REQUIREMENT
From the first line to the last, repeat the records exactly and skip the pictures.

Spatial localization data
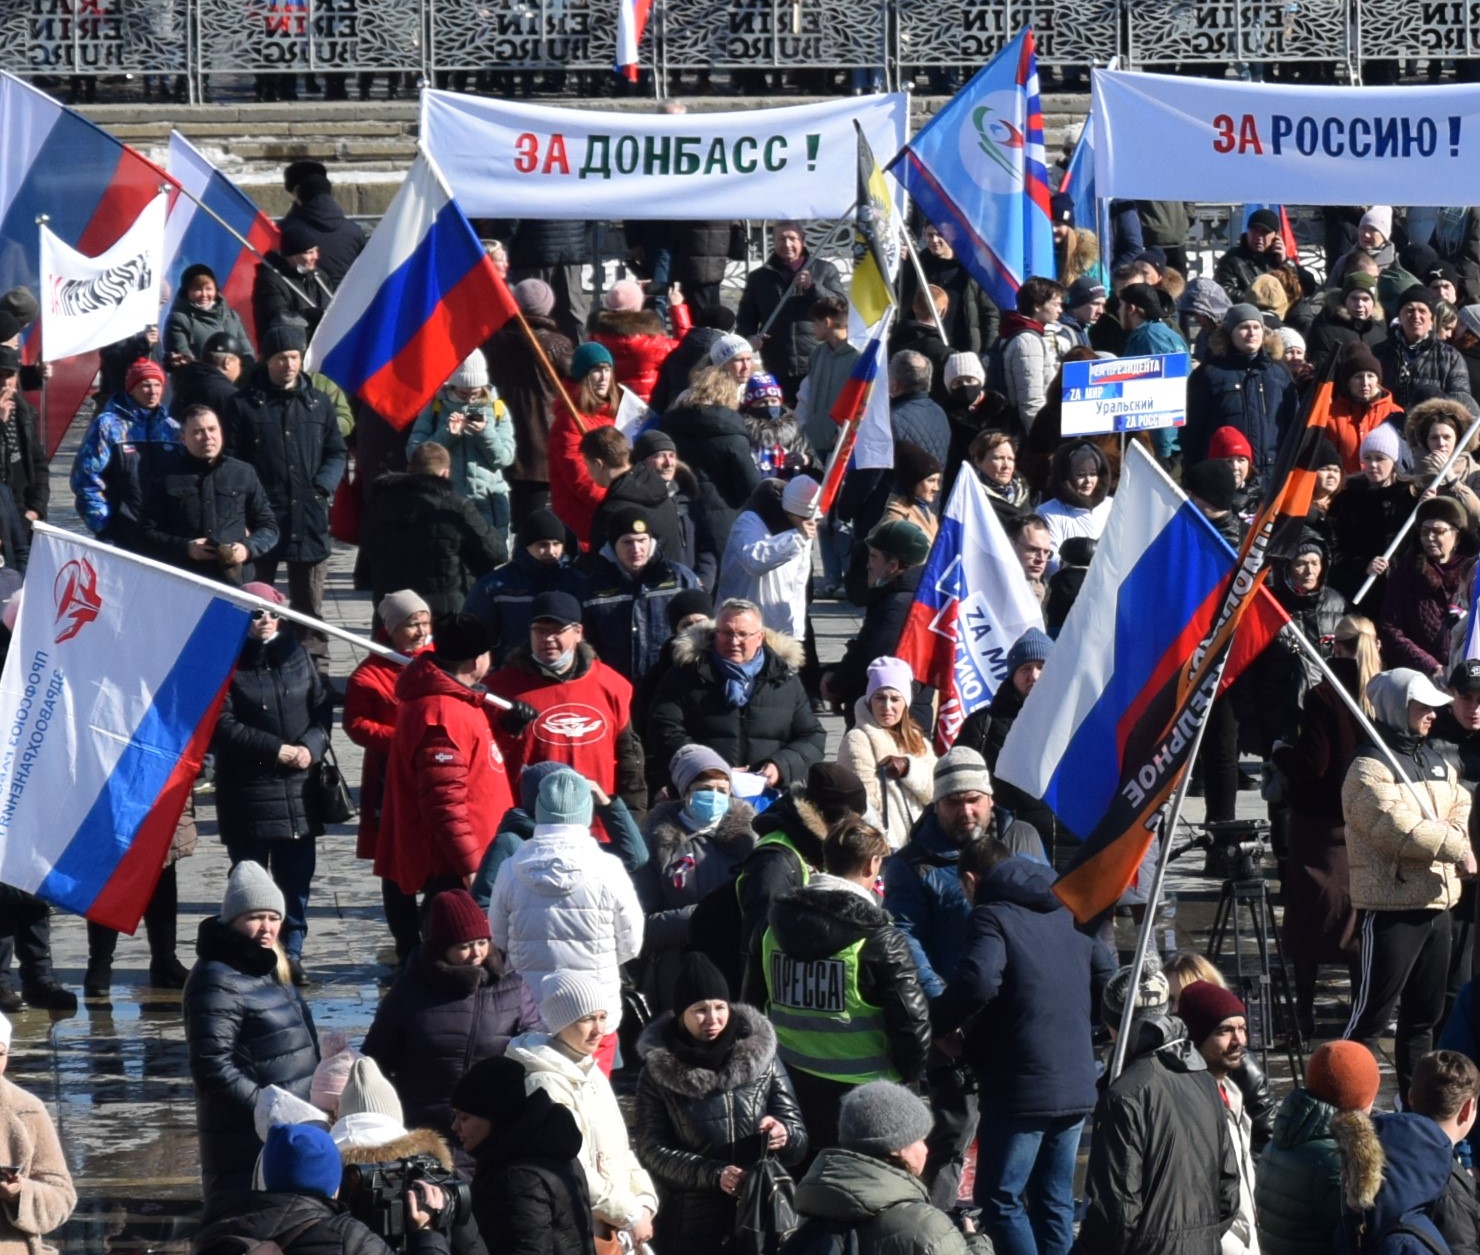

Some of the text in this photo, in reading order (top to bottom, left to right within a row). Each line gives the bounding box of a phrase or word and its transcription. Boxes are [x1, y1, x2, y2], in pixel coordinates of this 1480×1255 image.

[1212, 114, 1262, 154] ЗА
[514, 132, 570, 175] ЗА
[1070, 387, 1104, 401] ZA МИР
[1096, 398, 1154, 415] Уральский
[1125, 415, 1136, 429] ZA
[773, 954, 842, 1010] ПРЕССА

ANSWER BOX
Some of the text in this photo, in reading order (top to bottom, left to right within a row). Each line gives the bounding box of a phrase or word and its transcription. Boxes are [x1, y1, x2, y2], in pixel coordinates of this 1480×1255 image.

[1212, 114, 1262, 154] ЗА
[514, 132, 570, 175] ЗА
[1070, 387, 1104, 401] ZA МИР
[1096, 398, 1154, 415] Уральский
[1125, 415, 1136, 429] ZA
[773, 954, 842, 1010] ПРЕССА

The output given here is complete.